- [EXTRACTED RECORDS]:
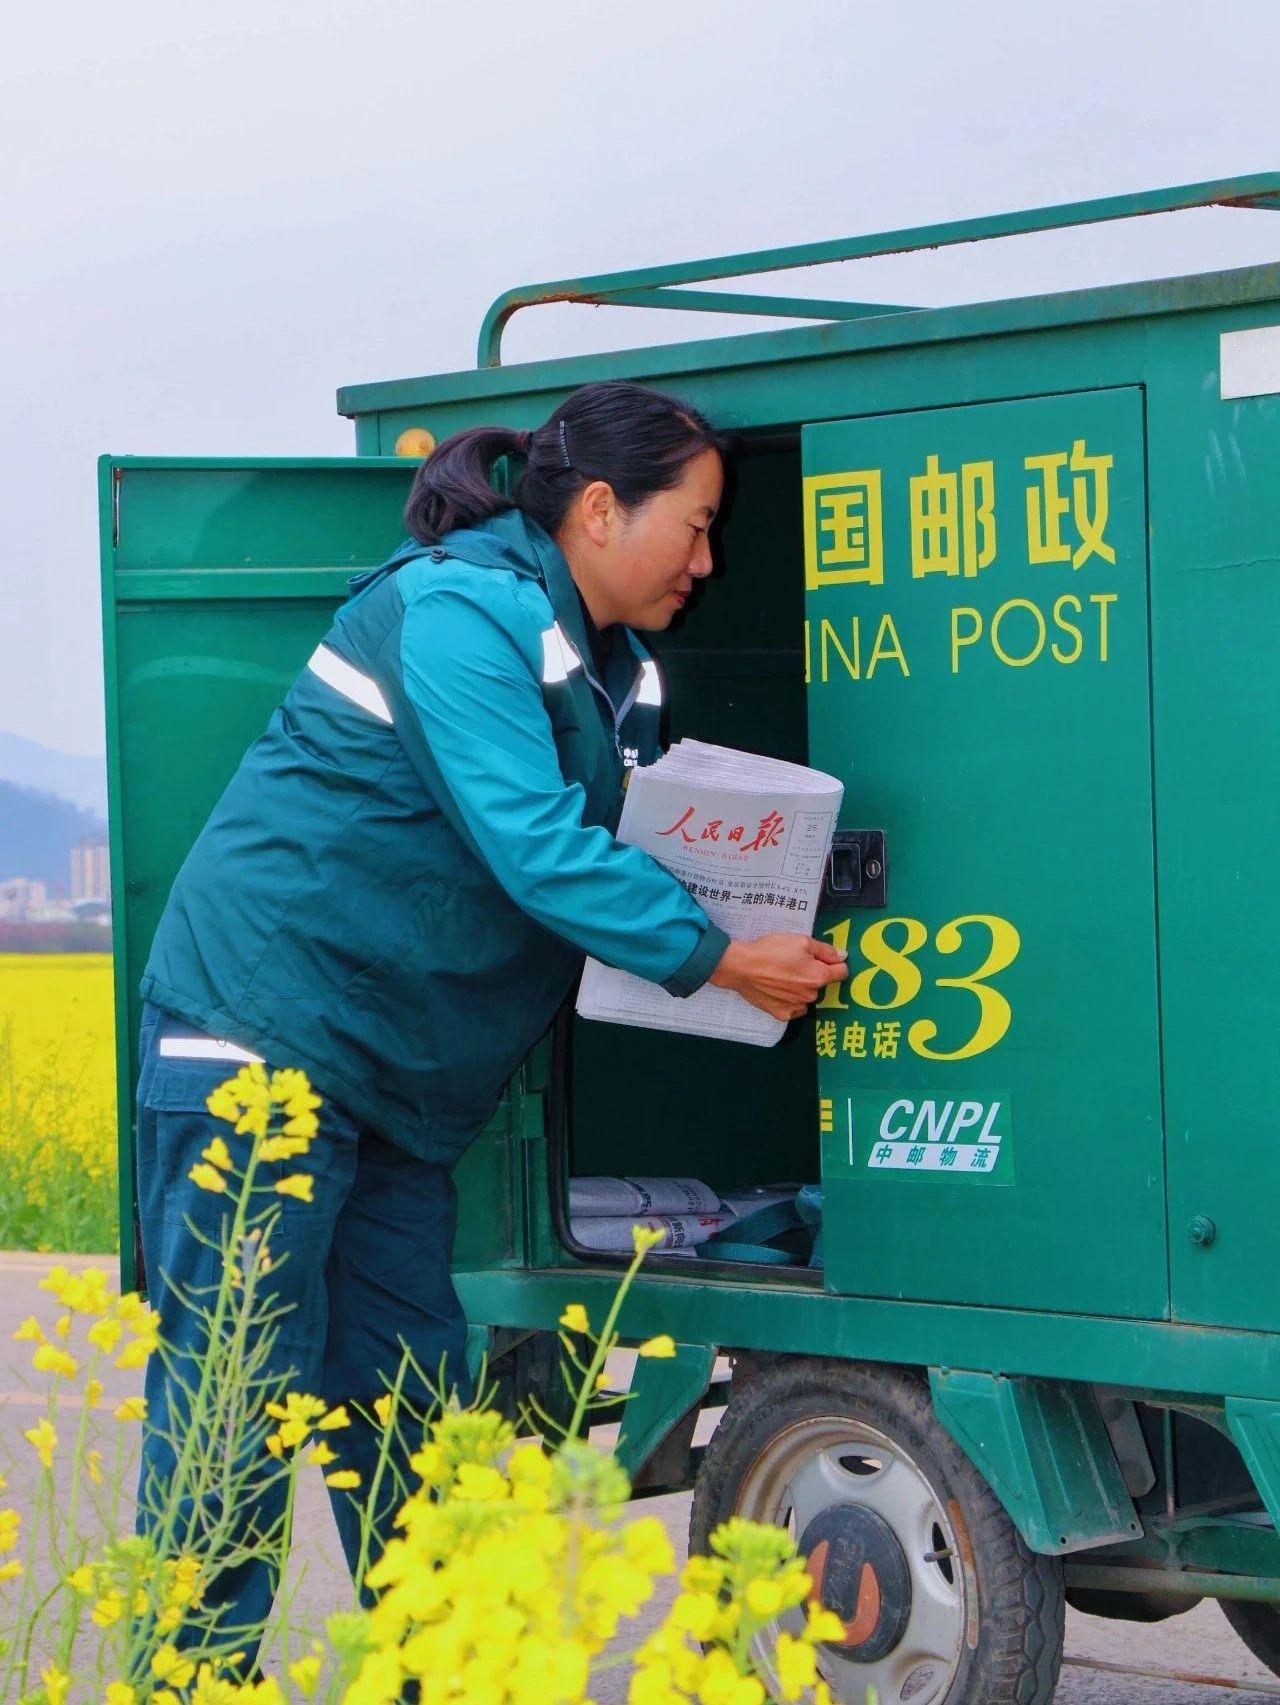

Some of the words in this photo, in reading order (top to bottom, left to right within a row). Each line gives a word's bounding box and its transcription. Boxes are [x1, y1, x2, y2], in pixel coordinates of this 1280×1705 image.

[803, 439, 1117, 591] 国邮政
[951, 593, 1118, 674] POST
[807, 824, 818, 832] 25
[816, 1020, 902, 1059] 线电话
[879, 1099, 1003, 1143] CNPL
[875, 1144, 992, 1168] 中邮物流
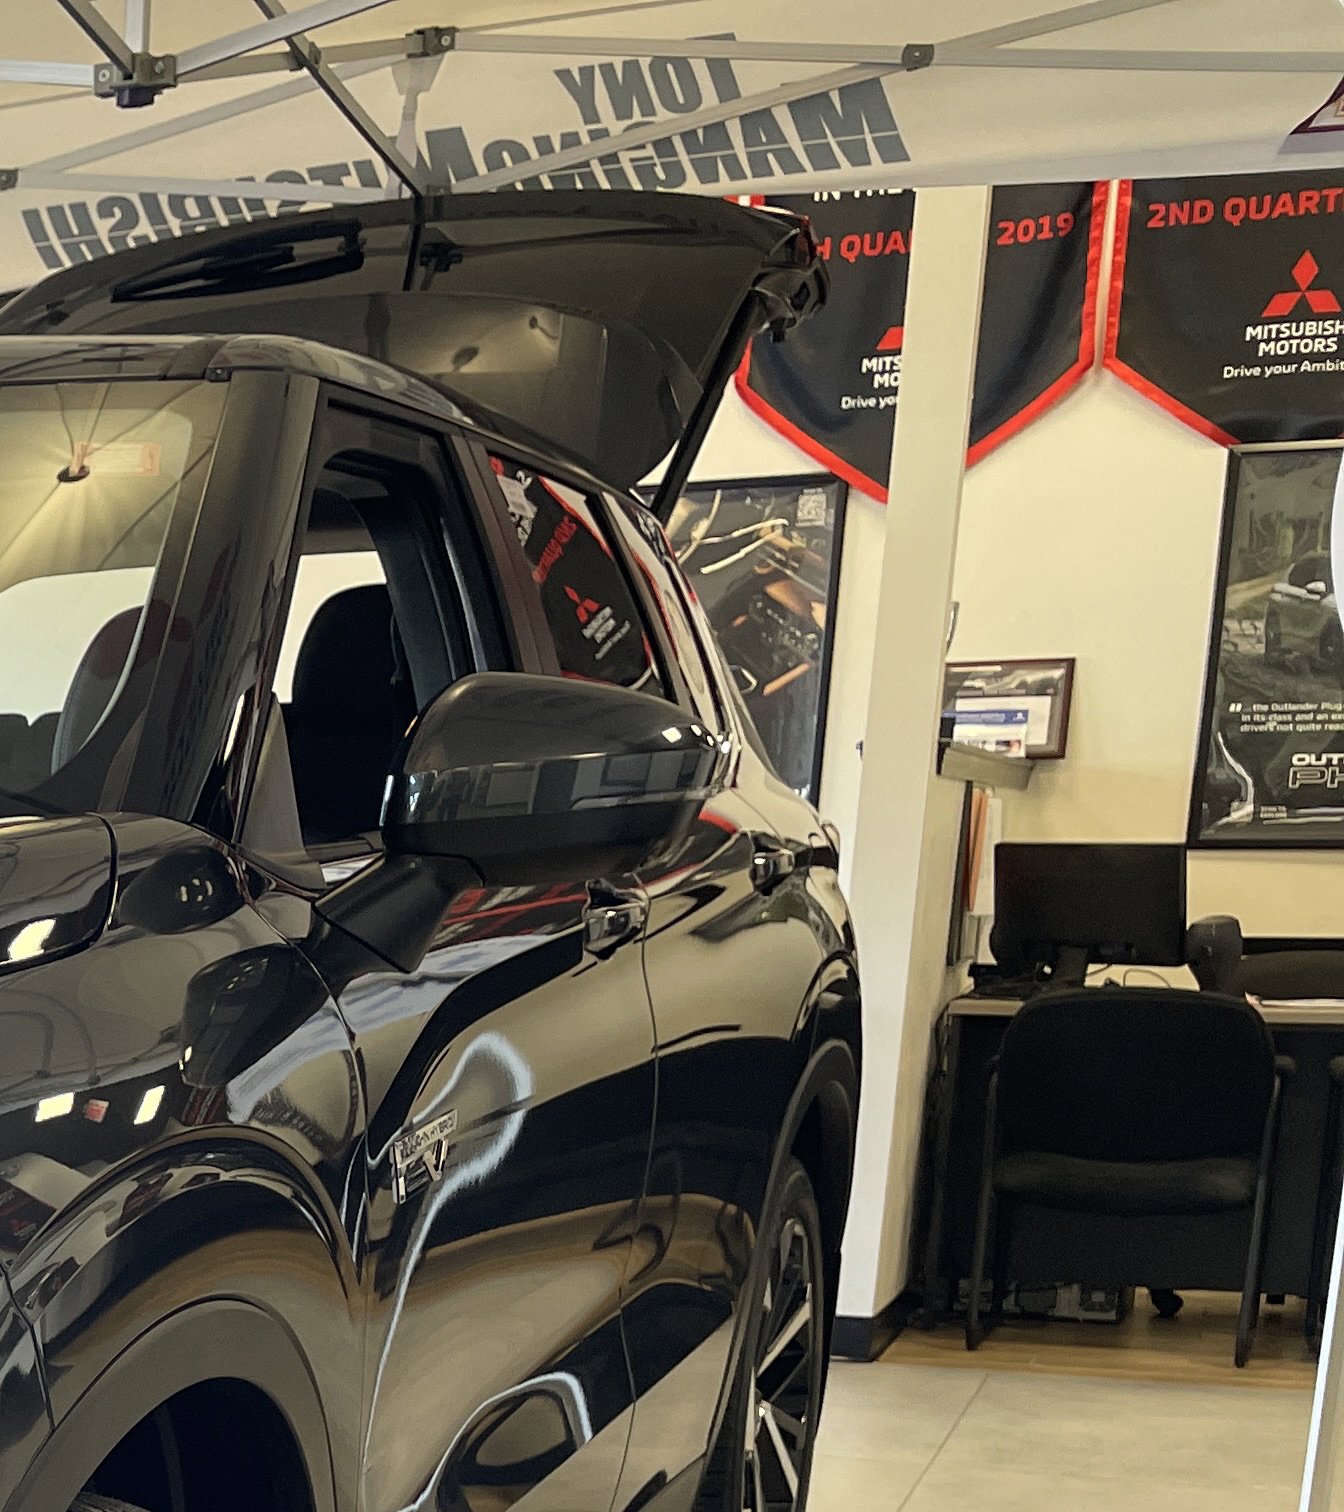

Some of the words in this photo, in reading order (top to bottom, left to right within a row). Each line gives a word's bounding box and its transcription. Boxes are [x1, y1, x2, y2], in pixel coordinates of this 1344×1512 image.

- [ASSIGNMENT]:
An exact copy of the records above is needed, with the pictures removed.

- [OUTPUT OF THE EXERCISE]:
Some of the words in this photo, in reading order (top to bottom, left to right within a row). Each line gives a word's bounding box and its transcription. Boxes are [x1, y1, x2, y2], in pixel coordinates of this 1280×1705 image.

[803, 439, 1117, 591] 国邮政
[951, 593, 1118, 674] POST
[807, 824, 818, 832] 25
[816, 1020, 902, 1059] 线电话
[879, 1099, 1003, 1143] CNPL
[875, 1144, 992, 1168] 中邮物流

Some of the words in this photo, in reading order (top to bottom, left to right within a row). Each line gives a word's bounding box and its transcription. Boxes are [x1, y1, x2, y2], in pixel coordinates of this 1344×1512 image.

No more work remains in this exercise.